Nonetheless, the amount of opioid consumption at any time interval did not differ whether the patients received the IPACK block or not. Interestingly, the postoperative pain scores in both study groups in the present study were relatively lower than those reported in previous studies (6-8,9,11-13,16), which could have been due to the use of IV-PCA in our setting. We routinely apply IV-PCA to patients who undergo primary TKA at our institution to eliminate the requirement for rescue analgesia for breakthrough pain. Furthermore, we believe that IV-PCA was effective because the incidence of breakthrough pain was minimal in our study.

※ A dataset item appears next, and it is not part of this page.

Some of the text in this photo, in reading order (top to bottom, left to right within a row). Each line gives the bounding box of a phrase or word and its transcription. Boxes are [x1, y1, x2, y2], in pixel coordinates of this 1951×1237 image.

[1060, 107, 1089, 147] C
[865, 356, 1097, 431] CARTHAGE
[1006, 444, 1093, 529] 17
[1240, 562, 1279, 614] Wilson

From the results of the present study, even though the IPACK block could reduce posterior knee pain, we do not suggest its implementation for primary unilateral TKA if the standard anesthetic method already involves both ACB and PAI, because adding the IPACK block did not deliver additional clinically important benefits as hypothesized, such as overall postoperative pain in the first 72 hours, postoperative ROM, or the amount of opioid consumption. Also, the IPACK block is an operator-dependent intervention that requires the technical expertise of regional pain specialists and may take longer than usual to operate. We believe that our result could suggest institutions that already employ ACB and PAI as their routine anesthetic procedures but are considering whether to implement the IPACK block not pursue such intention.

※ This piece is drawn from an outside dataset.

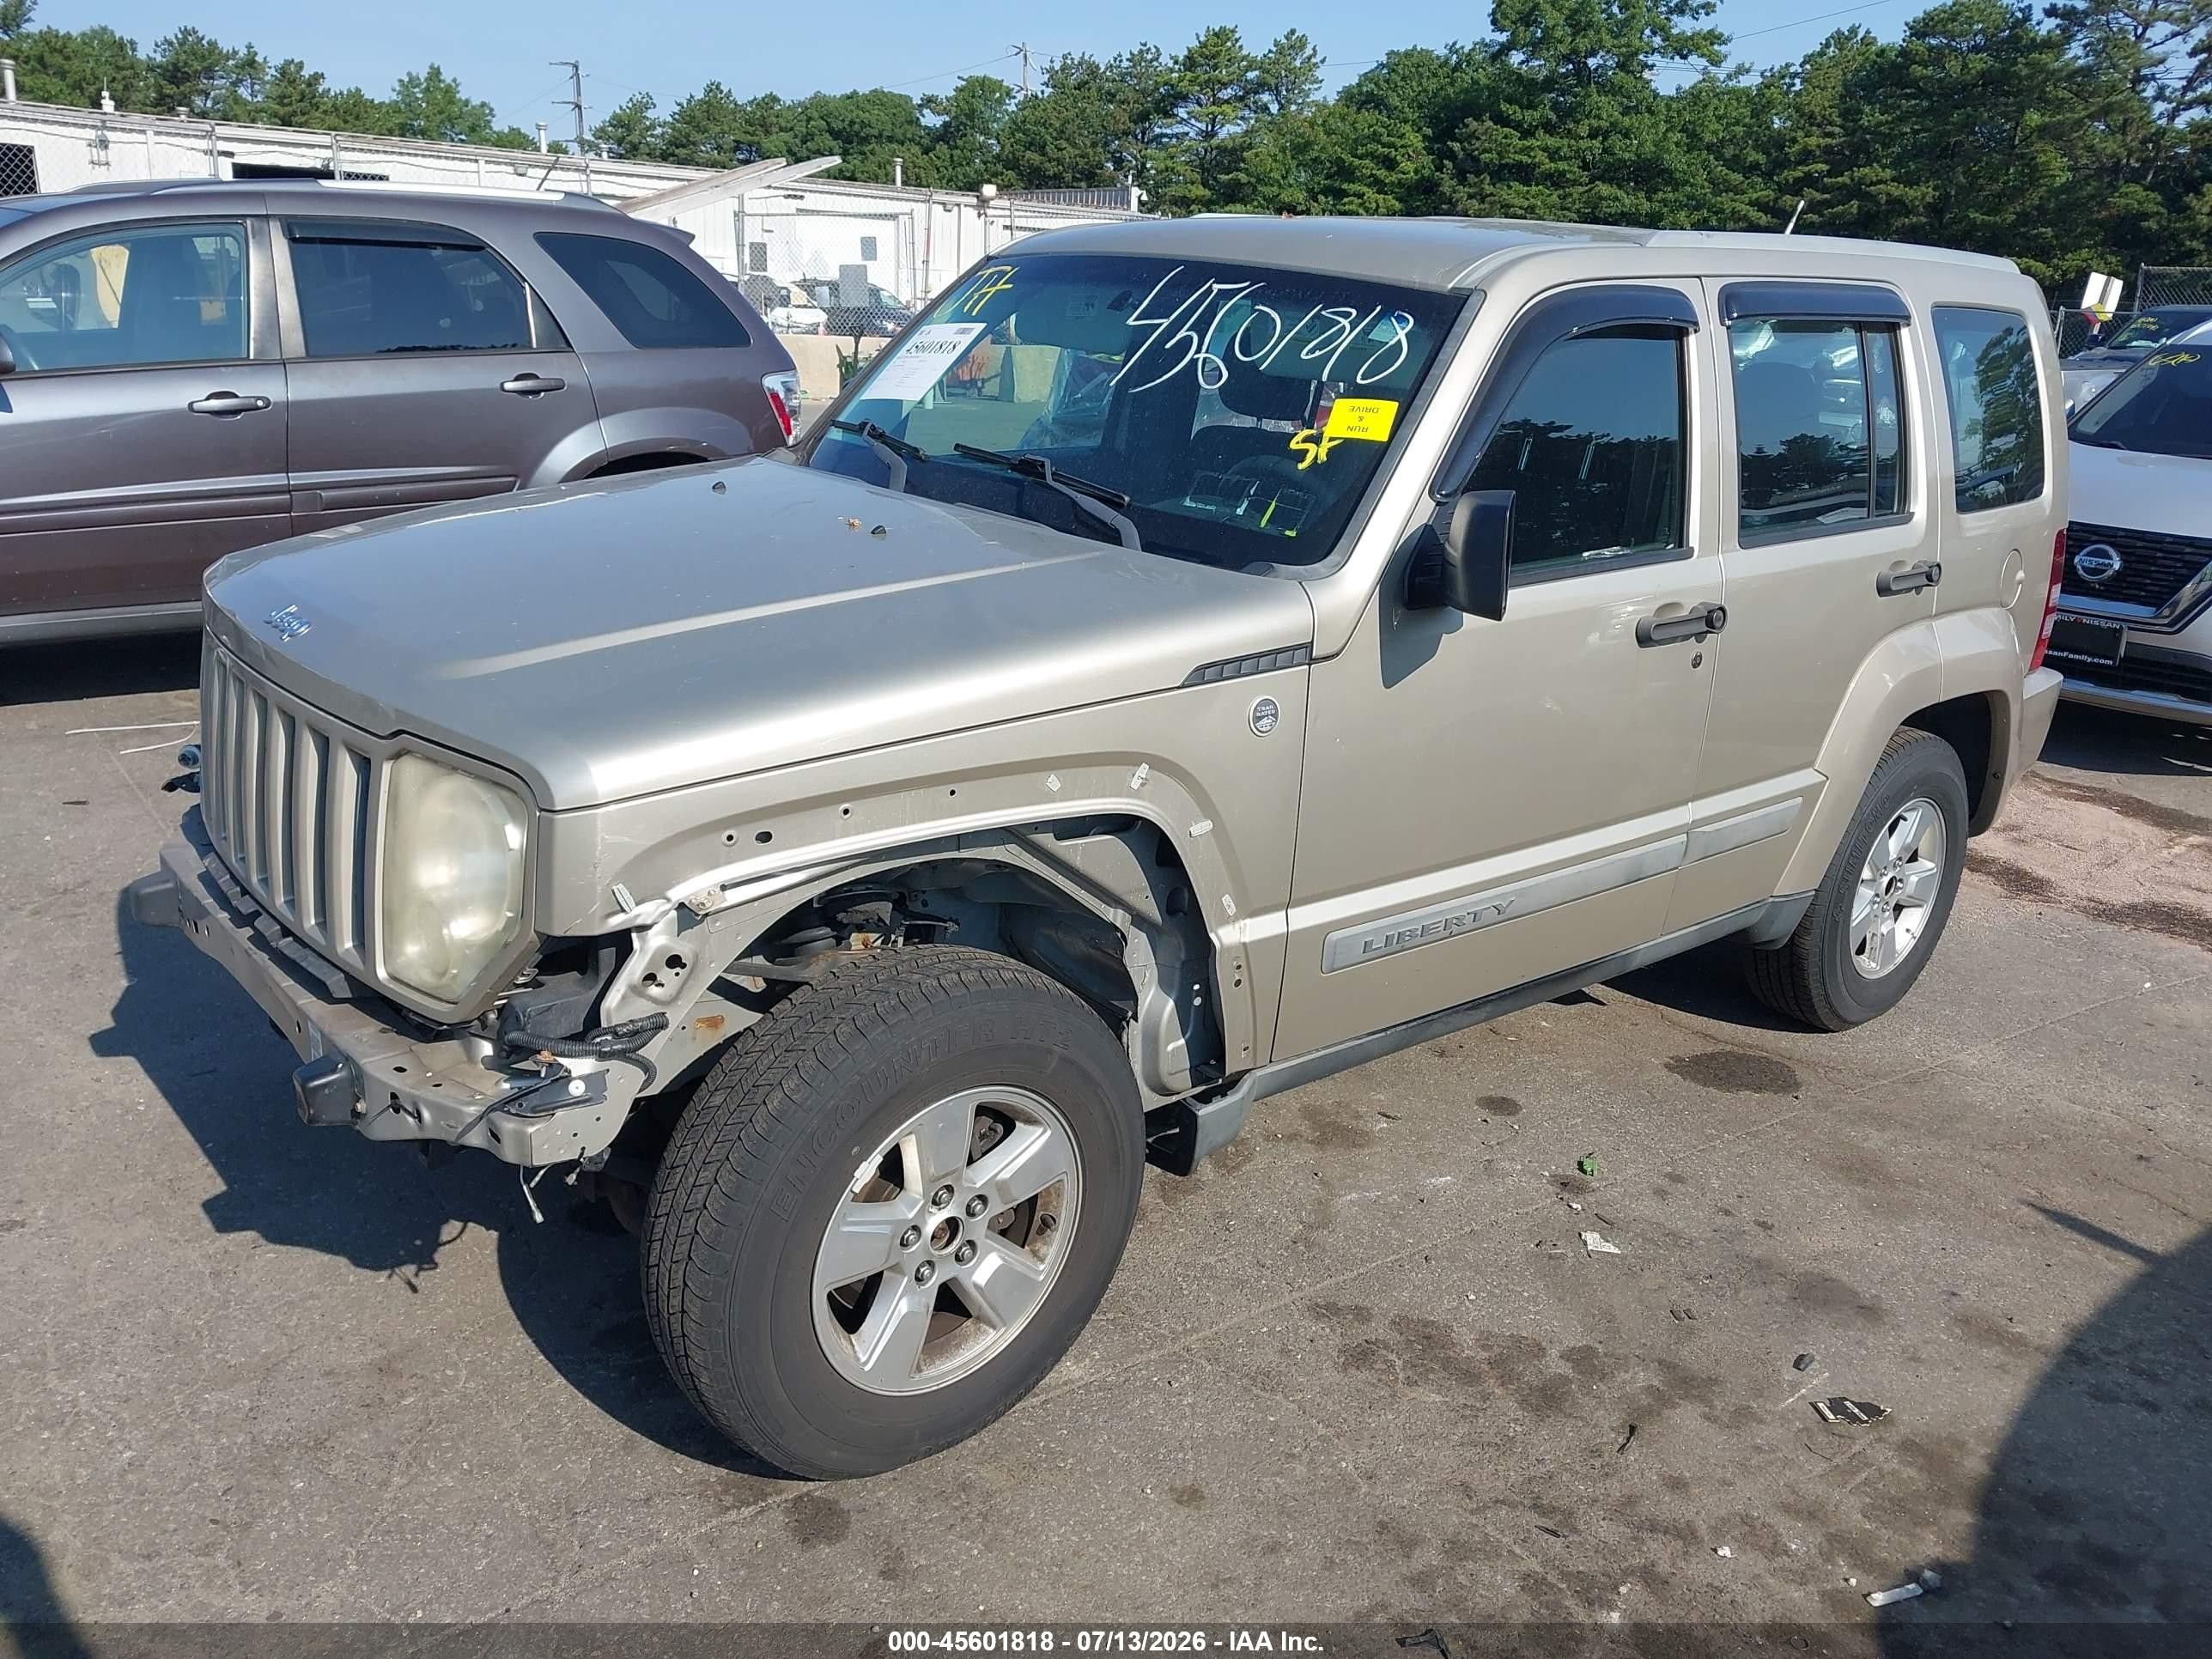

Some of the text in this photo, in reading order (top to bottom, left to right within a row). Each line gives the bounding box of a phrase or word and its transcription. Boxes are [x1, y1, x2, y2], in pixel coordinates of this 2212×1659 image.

There are some limitations to our study. First, we did not perform sham procedures for the control group as this might have caused additional unnecessary risks for the patients. Therefore, the participants cannot be blinded to the intervention, probably affecting patient-reported outcomes. Second, anesthetic drugs could have been injected into the interspace between the popliteal artery and the capsule of the posterior knee following PAI. However, we believed that the amount of drugs in the interspace was limited because the technique was done intraoperatively by the surgeon without ultrasound guidance. Third, IV-PCA was provided for all postoperative cases, which might have caused the patients to report very low pain scores, possibly masking statistically significant differences between the 2 groups. Nonetheless, we found no statistically relevant differences in opioid dosage at any of the studied time intervals. Therefore, we believe that there was truly no difference between the 2 interventions, regardless of IV-PCA prescription.

In conclusion, our study showed no decrease in pain or the amount of opioid consumption. There was also no difference in time to the first fentanyl dose, knee range of motion, or duration of hospitalization. The study does not support the addition of the IPACK block in patients already receiving both ACB and PAI as their anesthetic methods for unilateral primary TKA.